## WORK TO BE COMPLETED:
Give back every record word for word, keeping the pictures out.
BEGIN RECORD SET
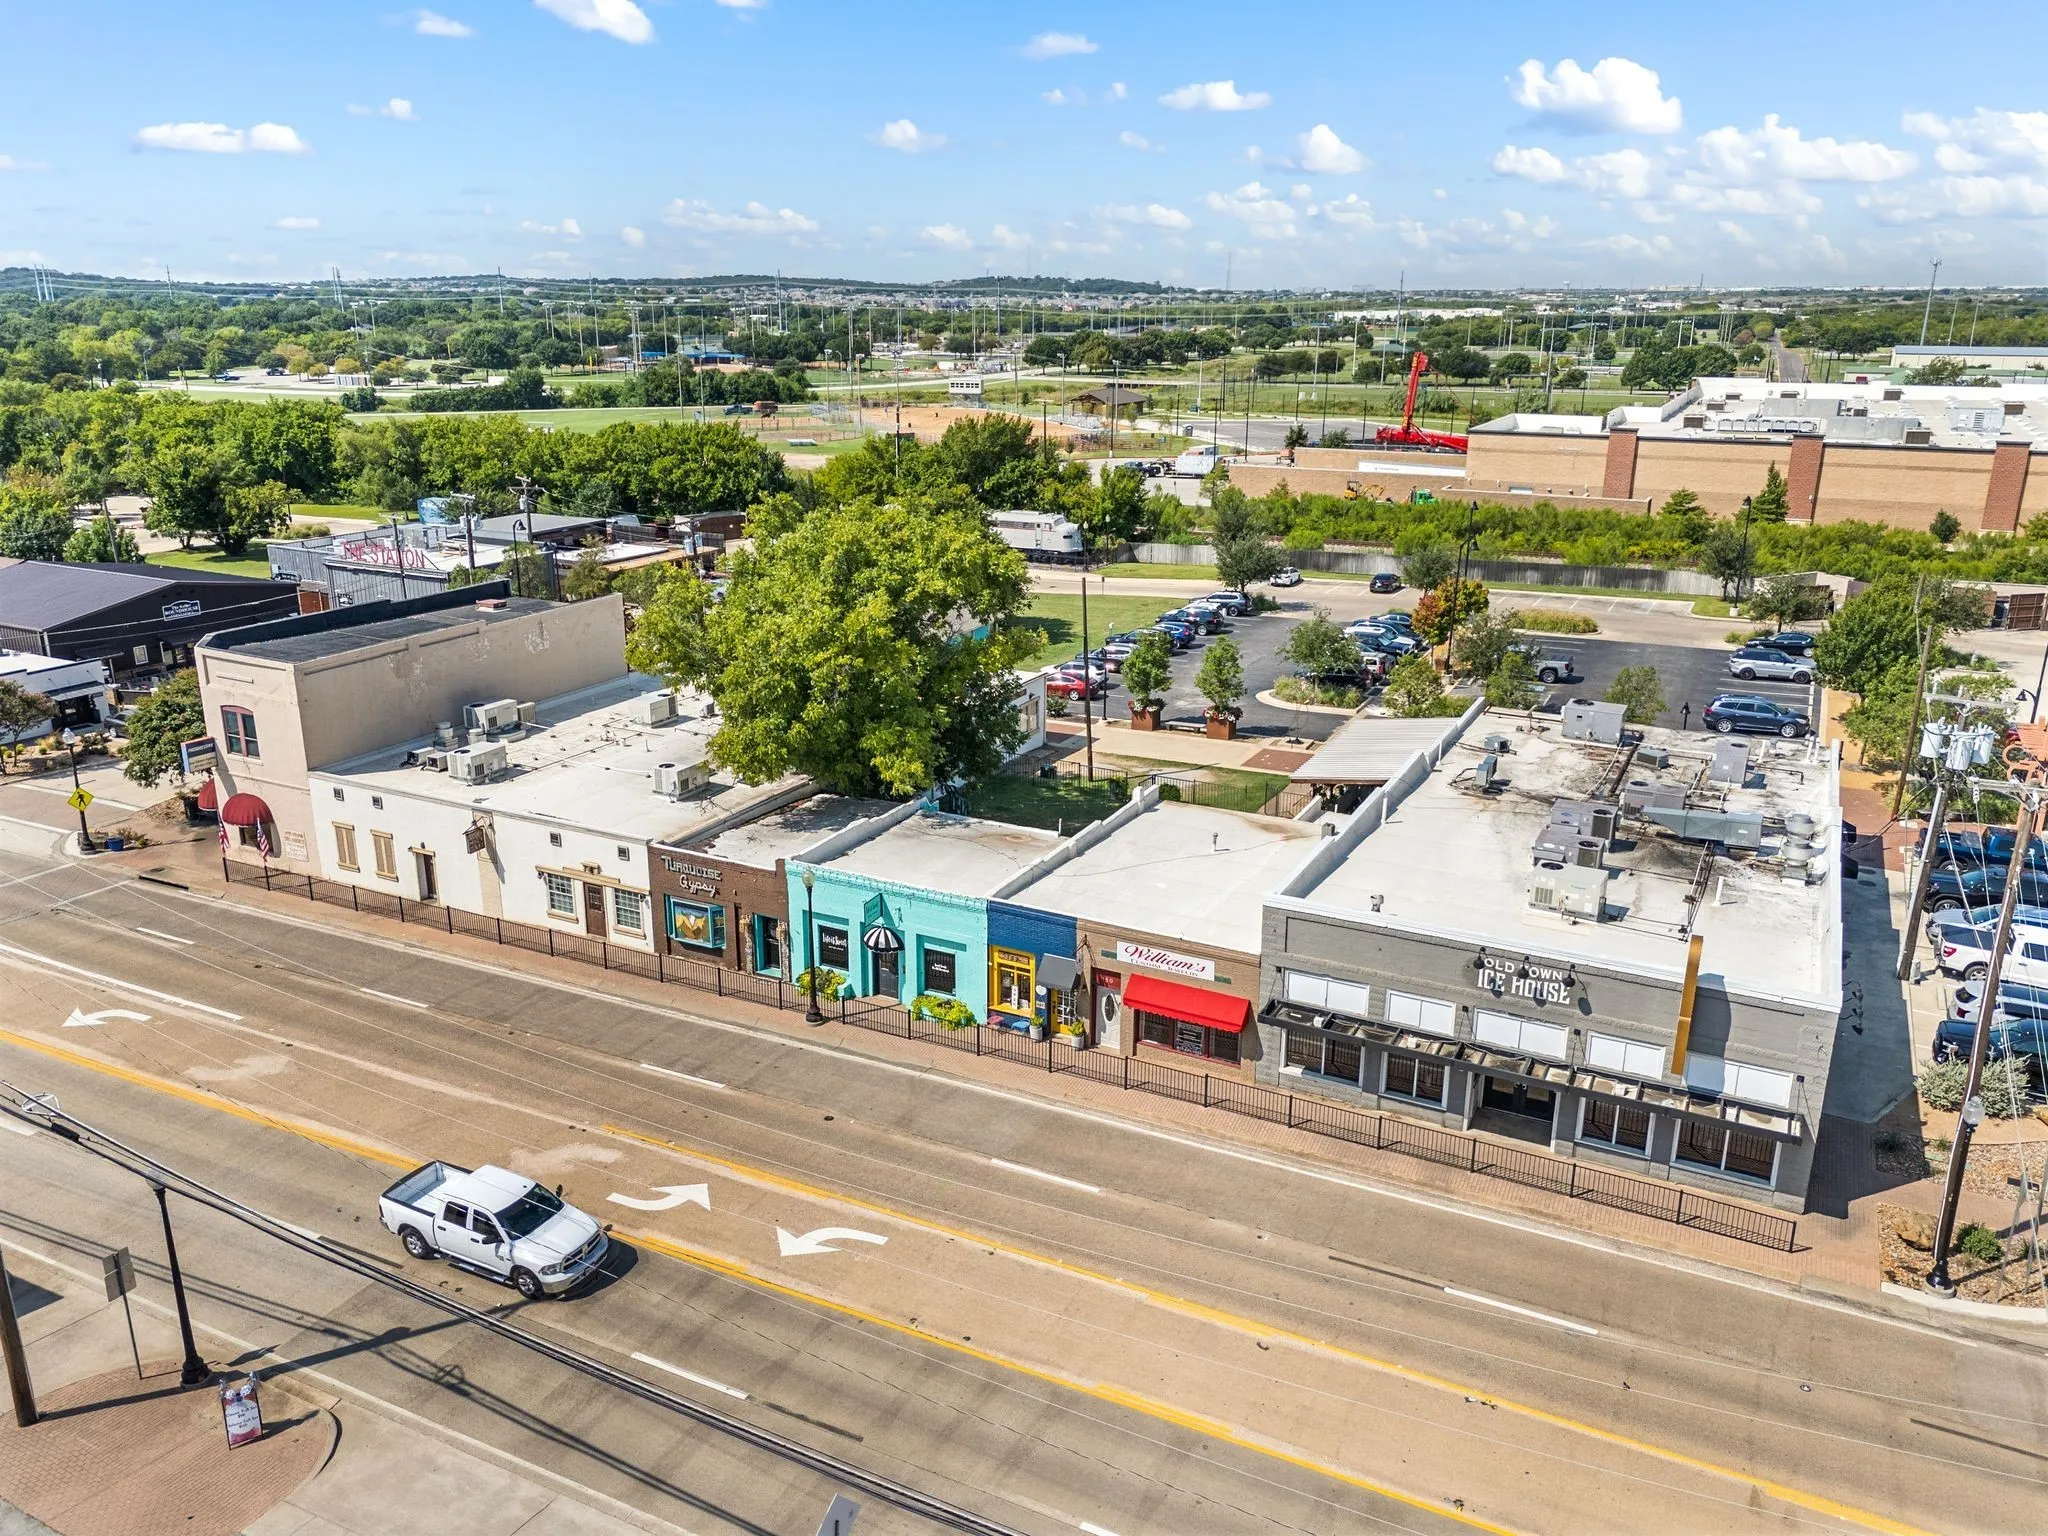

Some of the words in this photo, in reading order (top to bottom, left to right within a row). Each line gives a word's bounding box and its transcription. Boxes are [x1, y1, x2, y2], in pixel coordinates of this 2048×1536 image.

[342, 541, 367, 562] THE
[661, 855, 722, 881] TURQUOISE
[679, 874, 716, 898] Gypsy
[1124, 945, 1206, 973] William's
[1484, 957, 1515, 973] OLD
[1477, 968, 1506, 992] ICE
[1511, 975, 1571, 1005] HOUSE
END RECORD SET
## RESPONSE TO THIS TASK:
Some of the words in this photo, in reading order (top to bottom, left to right within a row). Each line gives a word's bounding box and its transcription. Boxes are [x1, y1, x2, y2], in pixel coordinates of this 2048×1536 image.

[342, 541, 367, 562] THE
[661, 855, 722, 881] TURQUOISE
[679, 874, 716, 898] Gypsy
[1124, 945, 1206, 973] William's
[1484, 957, 1515, 973] OLD
[1477, 968, 1506, 992] ICE
[1511, 975, 1571, 1005] HOUSE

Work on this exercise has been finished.